**Exercise aim**
Line for line, return the data exactly, omitting all pictures.

**Input records**
^^^^
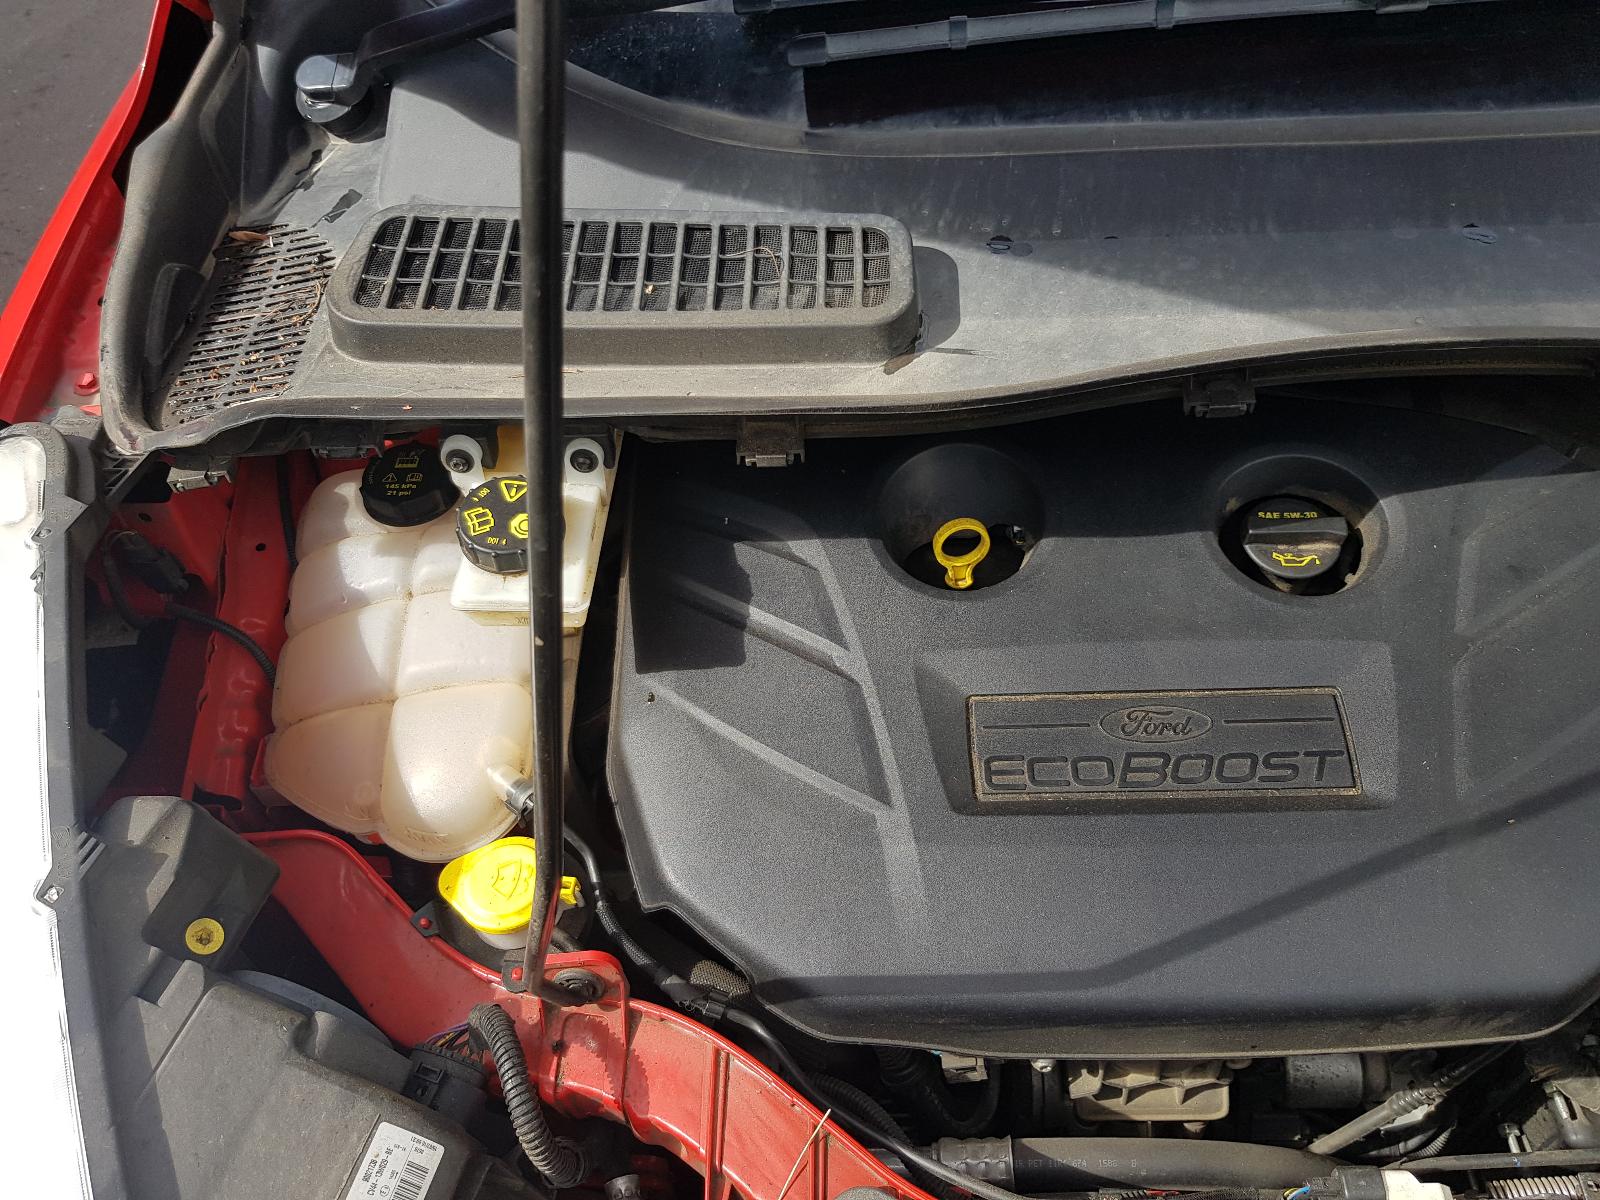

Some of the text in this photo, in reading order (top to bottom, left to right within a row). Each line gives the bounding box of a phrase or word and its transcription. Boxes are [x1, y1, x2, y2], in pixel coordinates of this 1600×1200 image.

[399, 489, 412, 497] psi
[1257, 511, 1318, 519] SAE 5W-30
[487, 536, 499, 545] DOT
[1119, 708, 1193, 738] Ford
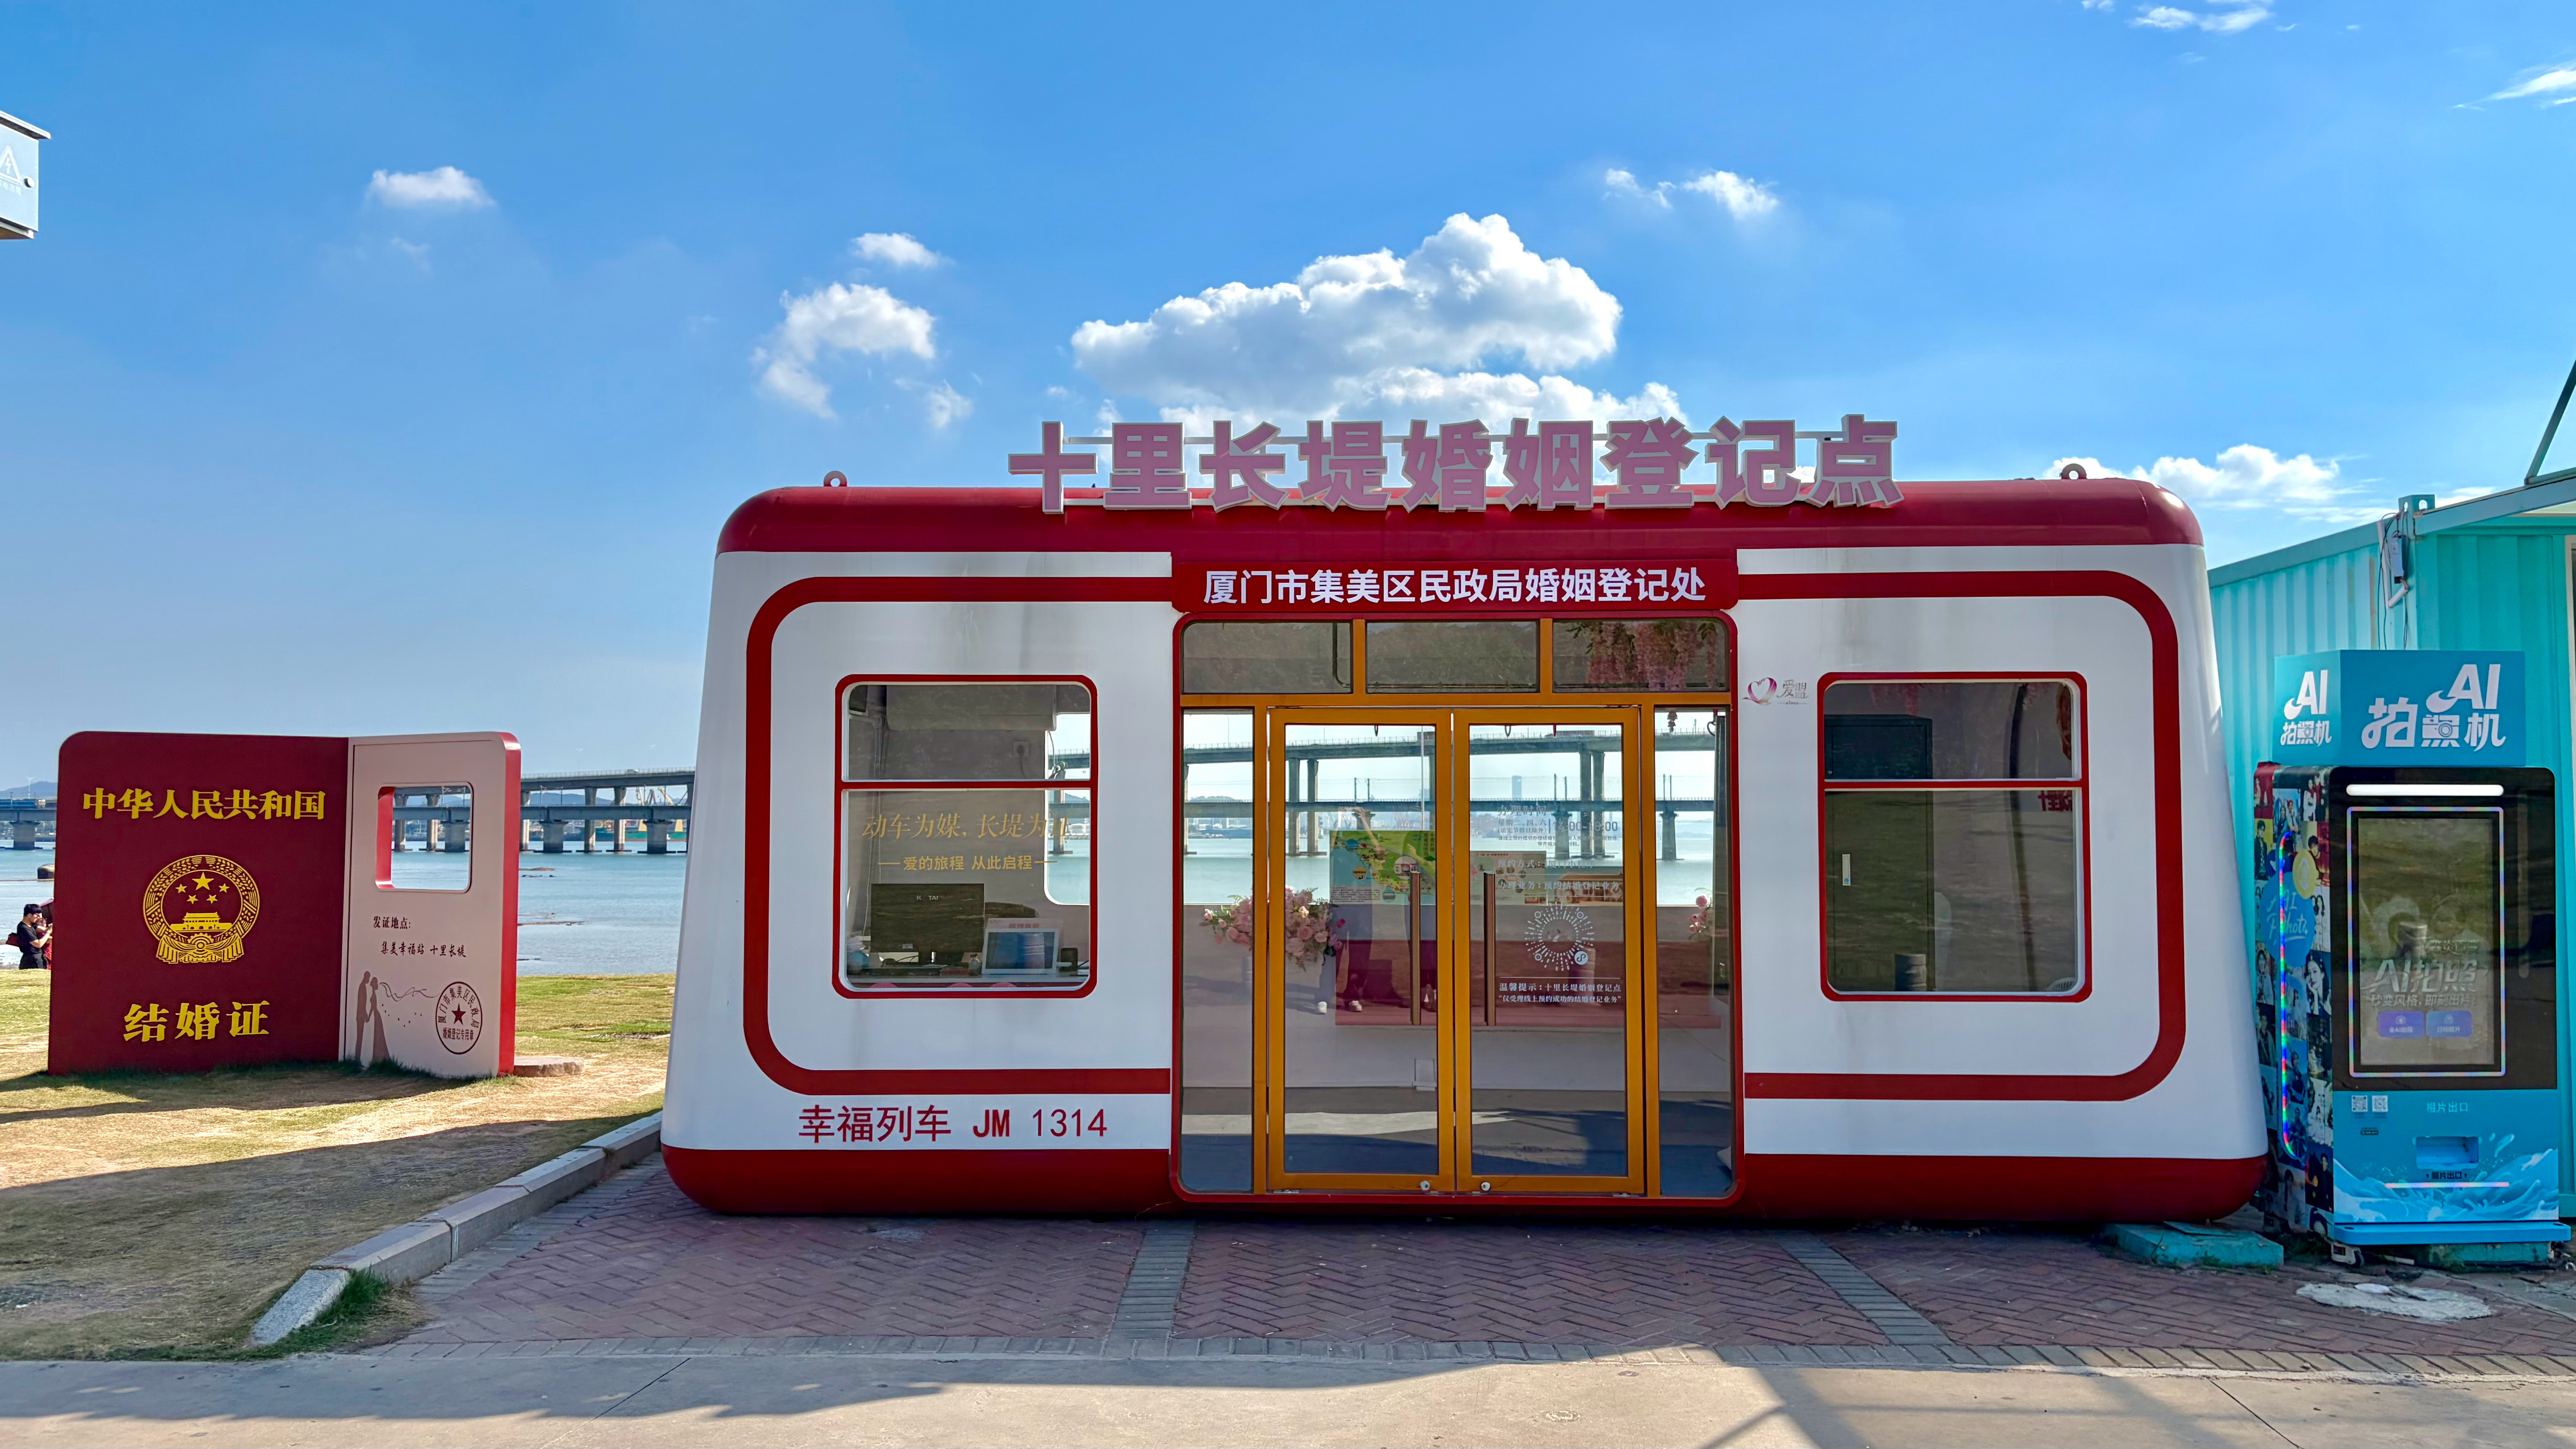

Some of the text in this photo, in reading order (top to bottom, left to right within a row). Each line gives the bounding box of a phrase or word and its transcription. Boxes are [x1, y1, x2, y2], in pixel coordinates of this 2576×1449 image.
^^^^
**Response**
Some of the text in this photo, in reading order (top to bottom, left to right within a row). Each line gives the bounding box of a phrase or word and its transcription. Boxes are [x1, y1, x2, y2], in pixel coordinates of this 1600×1200 image.

[399, 489, 412, 497] psi
[1257, 511, 1318, 519] SAE 5W-30
[487, 536, 499, 545] DOT
[1119, 708, 1193, 738] Ford

Some of the text in this photo, in reading order (top to bottom, left to right within a row). Each line gives the bounding box of a phrase or word and its transcription. Boxes are [x1, y1, x2, y2], in pixel coordinates of this 2576×1449 image.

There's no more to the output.